You can use both in the same call.

### How do I filter by strike around spot without knowing spot price?

Use **moneyness bounds** (`?moneyness_min=0.9&moneyness_max=1.1`) — the
server resolves them against current spot for you. Or
`?spot_window_pct=5` for a symmetric ±5% window. Both work on every
endpoint that accepts strike-axis filters.

## OPEX, expiries, dates

### Why are expiry tokens like `28MAR25` and not ISO dates?

That's the convention the underlying exchange (Deribit) uses, so it's
what the worker stores natively. Every endpoint that returns an expiry
token also includes the parsed `expiry_date` (ISO YYYY-MM-DD) when it
parses cleanly, so you can render either format in your UI.

### How do I find the next OPEX day?

Hit [`/v2/options/opex?symbol=BTCUSDT`](/api/v2/options/opex) and read
`data.next_anchor`. It points at the closest monthly or quarterly
expiration with its expiry token, ISO date, and DTE.

### Are weekly / monthly / quarterly classifications consistent across symbols?

Yes — the classification is calendar-based (last Friday of month →
monthly; last Friday of Mar/Jun/Sep/Dec → quarterly), not
symbol-specific. So `28MAR25` is `quarterly` for BTC, ETH, SOL, and HYPE.

## Caching and SDKs

### Can I cache responses on my end?

Yes, and you should. Server-side data refreshes every 30s anyway —
caching responses for 15-30s on your end is standard practice and
saves you rate-limit budget. Use the `meta.computed_at` field as your
cache key so you can detect refreshes.

### Do you ship official SDKs?

Not yet. The OpenAPI 3 spec at
[`/v2/openapi.json`](/api/v2/discovery/endpoints) is comprehensive
enough that codegen tools produce a usable client in any language.
See [curl recipes](/examples/curl) for the codegen one-liners.

### How do I report a bug?

Email **[dev@backquant.com](mailto:dev@backquant.com)** with:

1. The endpoint URL you hit
2. The `meta.request_id` from the response (lets us trace the exact call)
3. What you expected vs what you saw

We trace by request ID so the more specific the better.

## Subscription and access

### How do I get an API key?

[backquant.com/api-access](https://backquant.com/api-access) — sign up
or sign in, create a key, copy. Same key works across all v2
endpoints; tier determines your rate limit.
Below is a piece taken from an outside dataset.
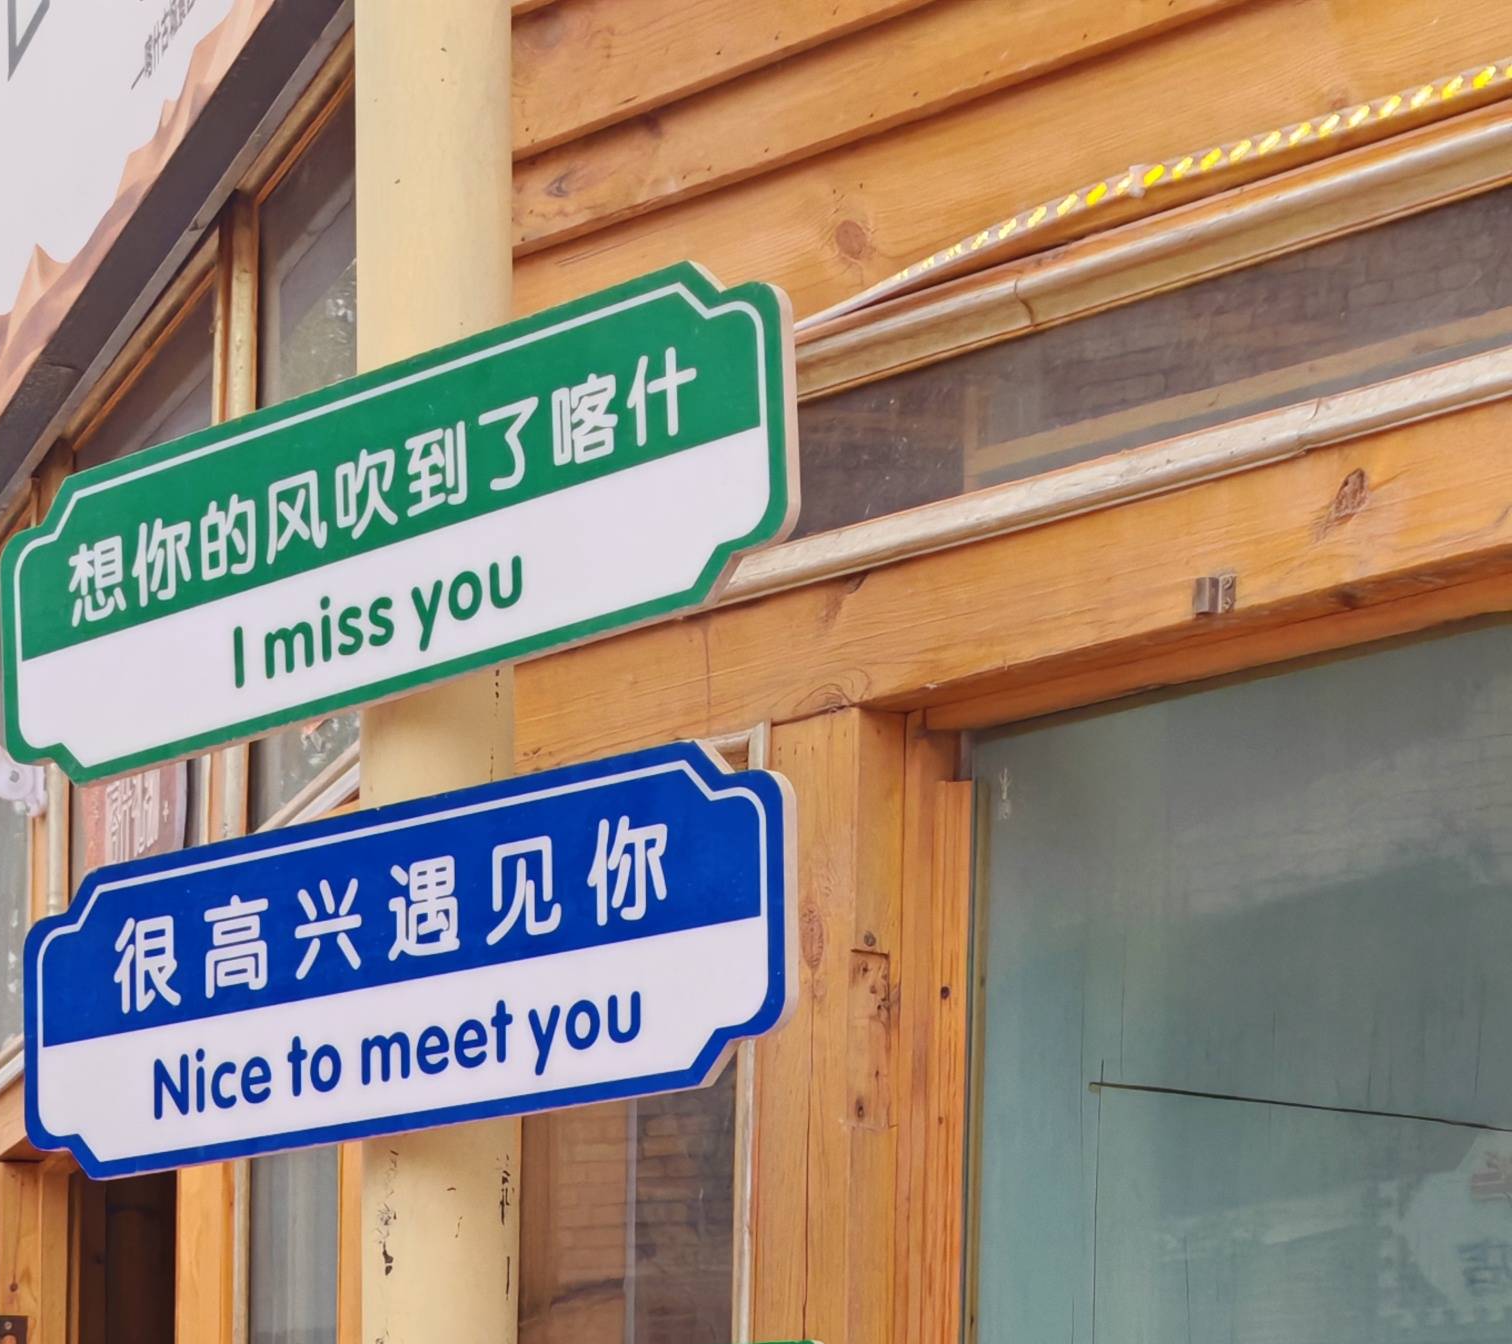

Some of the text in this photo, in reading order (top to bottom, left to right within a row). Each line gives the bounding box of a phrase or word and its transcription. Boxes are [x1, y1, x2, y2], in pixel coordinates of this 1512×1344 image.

### How do I upgrade my tier?

Same place. Upgrades take effect immediately; the new rate limit
applies on your next API call.

### Is my data redistributable?

No — personal-use plans don't permit redistribution. If you're
building a product on top of the API that resells the data, contact
**[dev@backquant.com](mailto:dev@backquant.com)** for an enterprise discussion. See
[Terms of Service](https://www.backquant.com/terms).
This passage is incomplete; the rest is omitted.